Task to carry out | Since only the text is wanted, print every entry below exactly and omit the images.
*** Opening Extracted entries ***
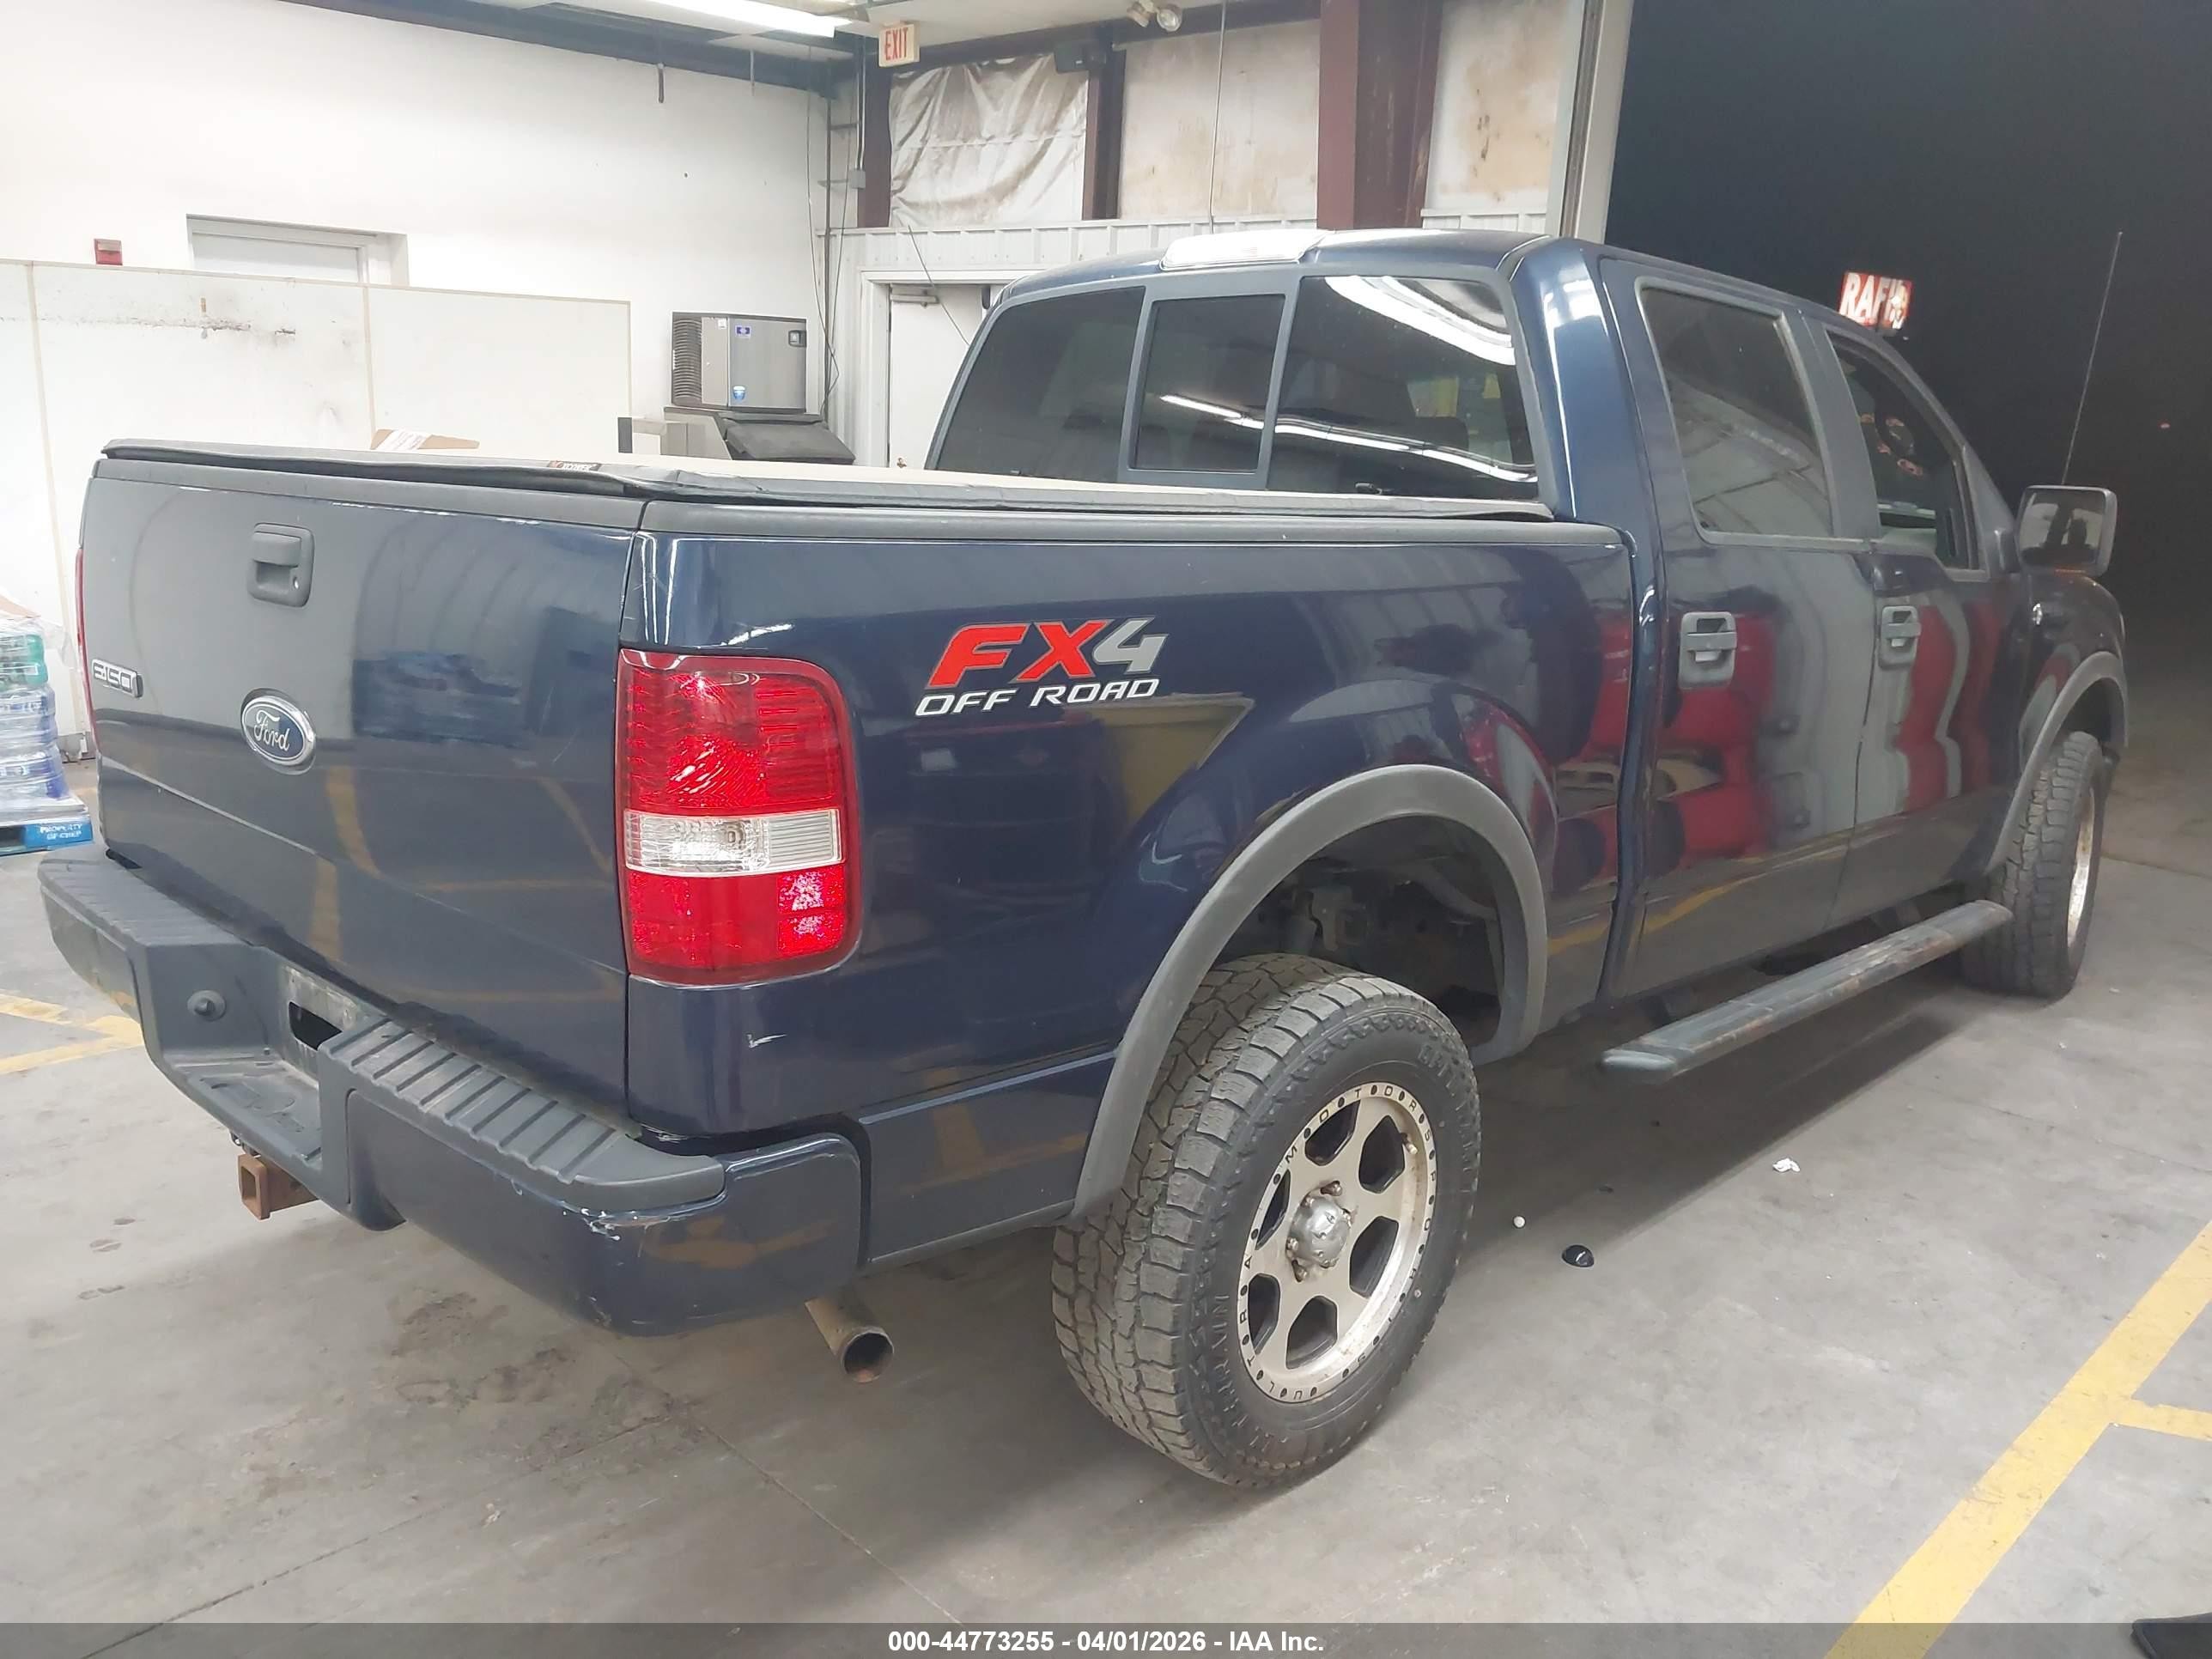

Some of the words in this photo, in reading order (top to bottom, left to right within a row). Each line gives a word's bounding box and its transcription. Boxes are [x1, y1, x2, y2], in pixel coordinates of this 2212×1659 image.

[884, 27, 908, 60] EXIT
[924, 617, 1169, 689] FX4
[915, 690, 1018, 716] OFF
[1029, 678, 1160, 708] ROAD
[253, 709, 291, 752] Ford
*** Closing Extracted entries ***
Result of the exercise |
Some of the words in this photo, in reading order (top to bottom, left to right within a row). Each line gives a word's bounding box and its transcription. Boxes are [x1, y1, x2, y2], in pixel coordinates of this 2212×1659 image.

[884, 27, 908, 60] EXIT
[924, 617, 1169, 689] FX4
[915, 690, 1018, 716] OFF
[1029, 678, 1160, 708] ROAD
[253, 709, 291, 752] Ford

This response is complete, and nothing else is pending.